The specific objectives include:

  1. To Determine if Health Information Managers at the University of Benin Teaching Hospital have a good knowledge of Health and Vital statistics in the control of epidemic
  2. To Determine if Health and Vital statistics have been collected following the required procedure and using the correct tools in the University of Benin Teaching Hospital
  3. To Assess the effectiveness of health and vital statistics in the control of the epidemic in UBTH
  4. To Examine the challenges associated with the collection of health and vital statistics in the study area.

 CHAPTER TWO

 LITERATURE REVIEW

DETERMINANTS OF PRACTICE AND UTILIZATION OF DATA AND HEALTH AND VITAL STATISTICS SYSTEM

Various authors in available literature have posited regular training and human resource development of health personnel on HMIS as the major factor in updating their (health personnel) knowledge and thus improving and sustaining their practice and utilisation of the HMIS.54-56 Other identified factors are the level of education of health personnel and health personnel’ duration on the job,59, 60 awareness of their job description, provision of incentives and remunerations for the additional work of HMIS,66, 68 cumbersome nature of entering data into the HMIS registers manually as well as electronically into the software,59,60,68 lack of feedback on data collected, availability of supervision, fear of repercussions for poor entry of data,68,69 inappropriate (multiple existing tools) data collection instruments and software, lack or poor health infrastructure to support the HMIS and lack of specific budget for HMIS.73-79

TRAINING

Training was the most common determinant identified in most studies as key in affecting the knowledge, developing a corresponding attitude and sustaining the corresponding practice and utilisation of the health information system at the Primary Health Care facilities.

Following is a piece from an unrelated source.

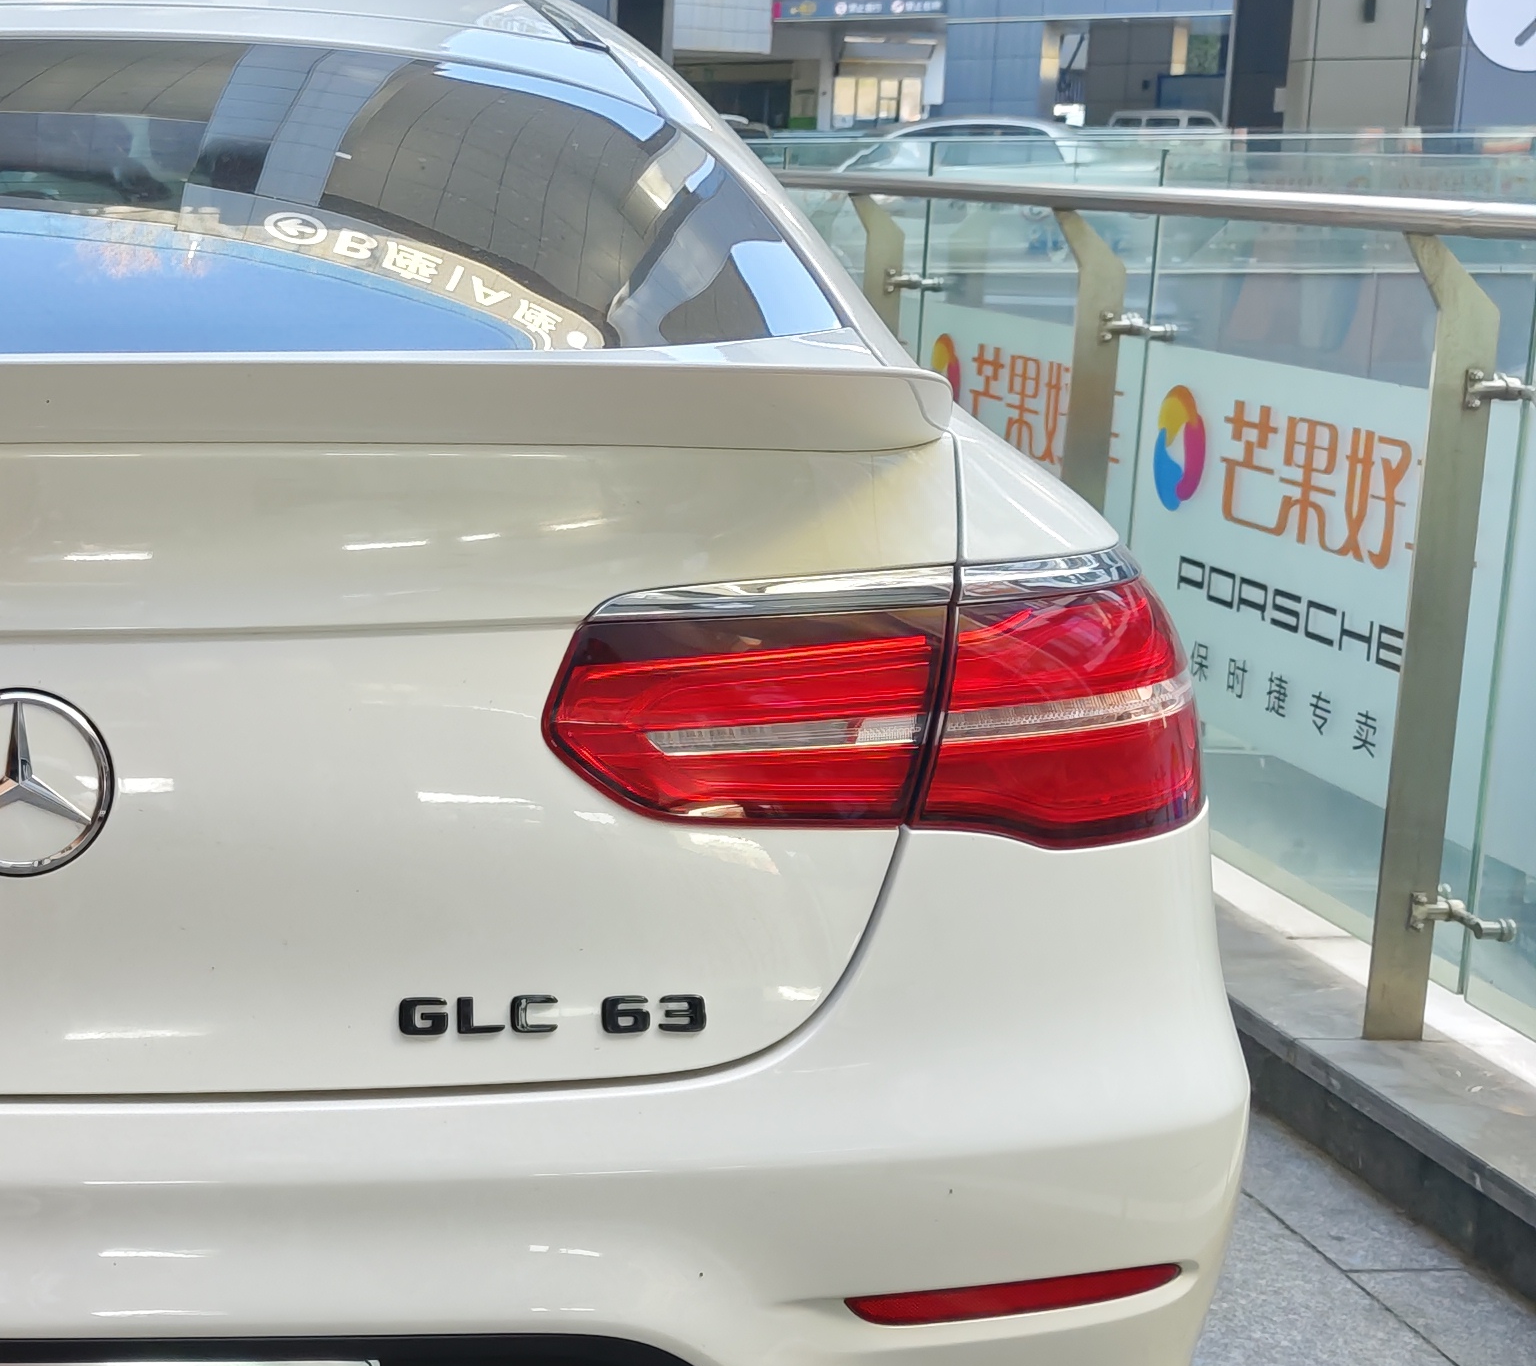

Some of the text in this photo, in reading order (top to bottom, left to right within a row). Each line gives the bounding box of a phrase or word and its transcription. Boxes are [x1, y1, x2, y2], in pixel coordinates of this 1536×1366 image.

The lack of training and its subsequent negative effects was as observed in an in-depth interview survey conducted in Pakistan in 2004 to explore the perceptions of thirty health managers regarding HMIS which revealed that the last refresher course was held almost ten years previously and was a major factor identified by respondents for the poor knowledge and practice of HMIS.54

Knowledge and practice were improved when training was regular and updated in line with changes in the system, whether in terms of health personnel or software for maintaining the health information system, this was observed in a 2008 cross-sectional study in Pakistan to study the existing HMIS being practiced in the Basic Health Units of Tehsil Taxila, where training was regular and ongoing. In this study, 76% of the persons got regular training on HMIS data entry while 24% never had any kind of formal training. Eighty percent of the cases had on-the-job training while 20% had never been involved in training activities. It was also found that there was no schedule for the training of the staffs that were involved in HMIS data entry. Training was key to the 68% practice of filling OPD registers and 96% satisfaction with the reporting HMIS forms among workers.55

In a survey done in 2012 to evaluate the Indian Health And Vital Statistics system, findings revealed that, different levels of staff involved in the HMIS had inadequacies as far as training and man power development efforts were concerned. This also applied to key functionaries at district and state level and ultimately affected practice of data entry since they had poor understanding of the registers.58 This was not the case in a 2011 rapid assessment study done in Bihar, India among 17,900 respondents to assess the effect of training on knowledge of the minimum data sets and HMIS, which revealed that 97.5% of the auxiliary nurses and midwives (ANMs) and 89% of data entry operators (DEO), block health managers (BHM) and data processing managers (DPM) had undergone trainings.59

Almost all the categories of the respondents perceived these trainings as useful. On further probing on the specific aspects of the usefulness of training, about half of the ANMs reported that it enhanced their understanding of various data elements and cleared doubts in filling revised HMIS reporting format. About half of the BHM reported that timeliness has improved due to the training while one third of them opined that the training helped them in clearing many doubts on various data elements.59 These were similar findings to another Indian study conducted in 2009 utilizing, in-depth interviews on 26 respondents to evaluate the effectiveness of a computerised HMIS in rural India. This study revealed that the current health staff had been trained in data collection, computerised HMIS and their utilization at the time of its installation. It improved their knowledge, practice and efficiency during service delivery and a training manual was developed for periodic training on data and computerised HMIS.60 The selection technique for the various categories of respondents was not stated in this study.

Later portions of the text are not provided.